• **Work to complete**: Please give all of the data again, character for character, and drop the pictures.

• **Extracted records**:
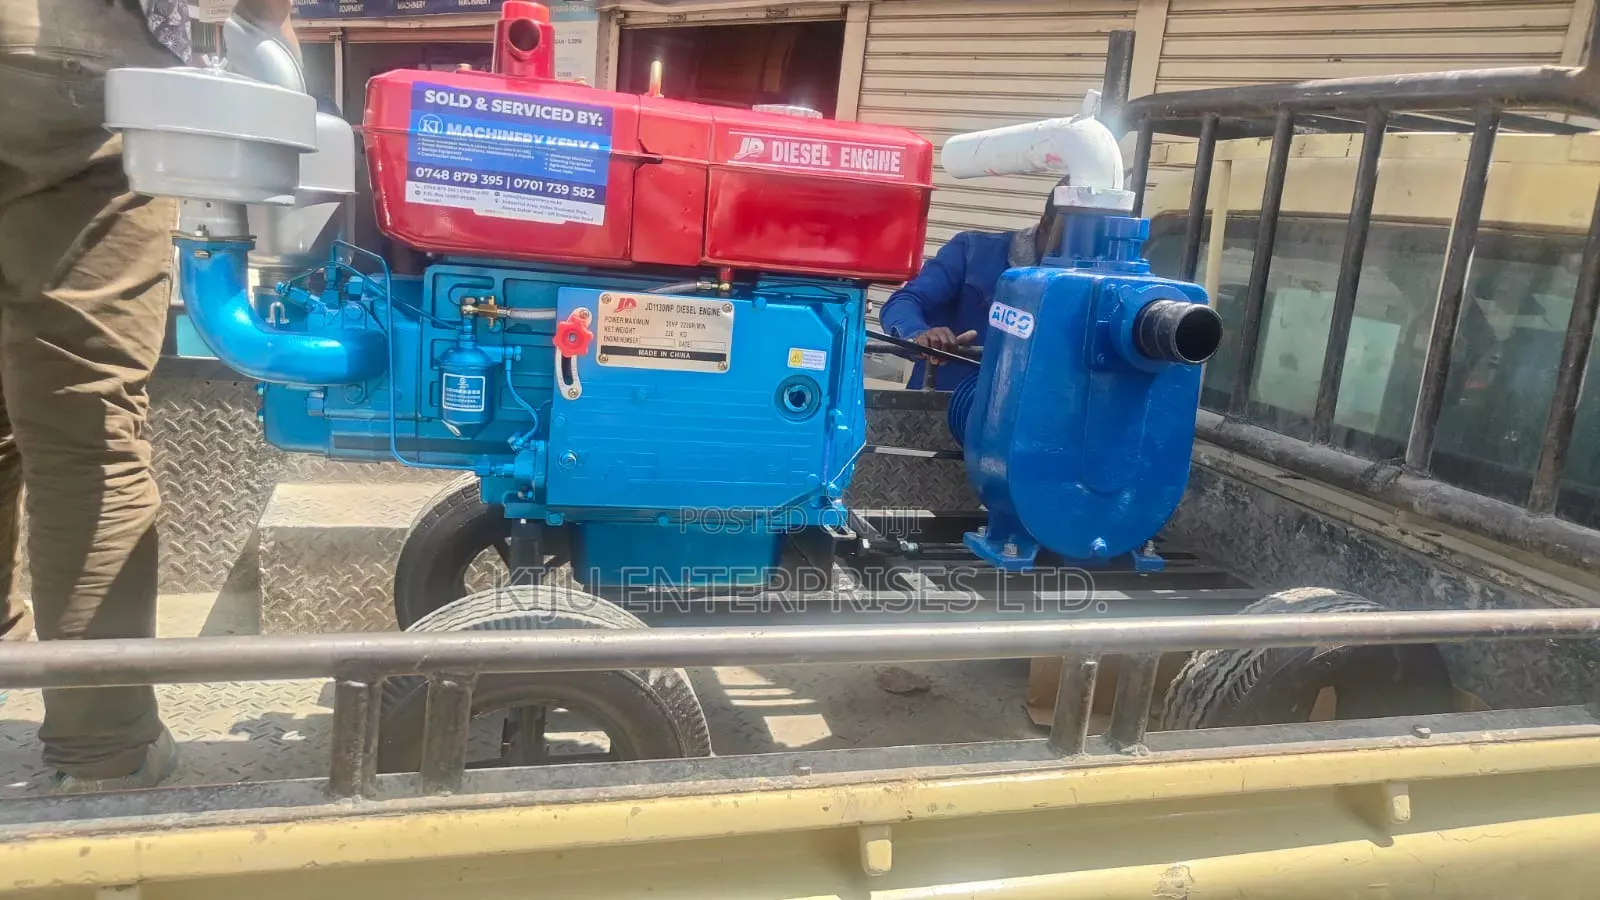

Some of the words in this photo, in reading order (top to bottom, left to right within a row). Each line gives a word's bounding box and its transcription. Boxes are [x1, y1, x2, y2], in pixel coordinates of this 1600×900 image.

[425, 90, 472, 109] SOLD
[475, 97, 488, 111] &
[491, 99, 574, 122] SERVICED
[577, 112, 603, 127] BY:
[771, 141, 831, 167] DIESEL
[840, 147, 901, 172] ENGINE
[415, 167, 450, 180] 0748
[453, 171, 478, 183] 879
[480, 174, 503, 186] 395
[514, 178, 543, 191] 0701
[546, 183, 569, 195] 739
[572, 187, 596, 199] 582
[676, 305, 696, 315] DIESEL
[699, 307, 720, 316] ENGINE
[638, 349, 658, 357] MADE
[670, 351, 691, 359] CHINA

• **Answer space**:
Some of the words in this photo, in reading order (top to bottom, left to right within a row). Each line gives a word's bounding box and its transcription. Boxes are [x1, y1, x2, y2], in pixel coordinates of this 1600×900 image.

[425, 90, 472, 109] SOLD
[475, 97, 488, 111] &
[491, 99, 574, 122] SERVICED
[577, 112, 603, 127] BY:
[771, 141, 831, 167] DIESEL
[840, 147, 901, 172] ENGINE
[415, 167, 450, 180] 0748
[453, 171, 478, 183] 879
[480, 174, 503, 186] 395
[514, 178, 543, 191] 0701
[546, 183, 569, 195] 739
[572, 187, 596, 199] 582
[676, 305, 696, 315] DIESEL
[699, 307, 720, 316] ENGINE
[638, 349, 658, 357] MADE
[670, 351, 691, 359] CHINA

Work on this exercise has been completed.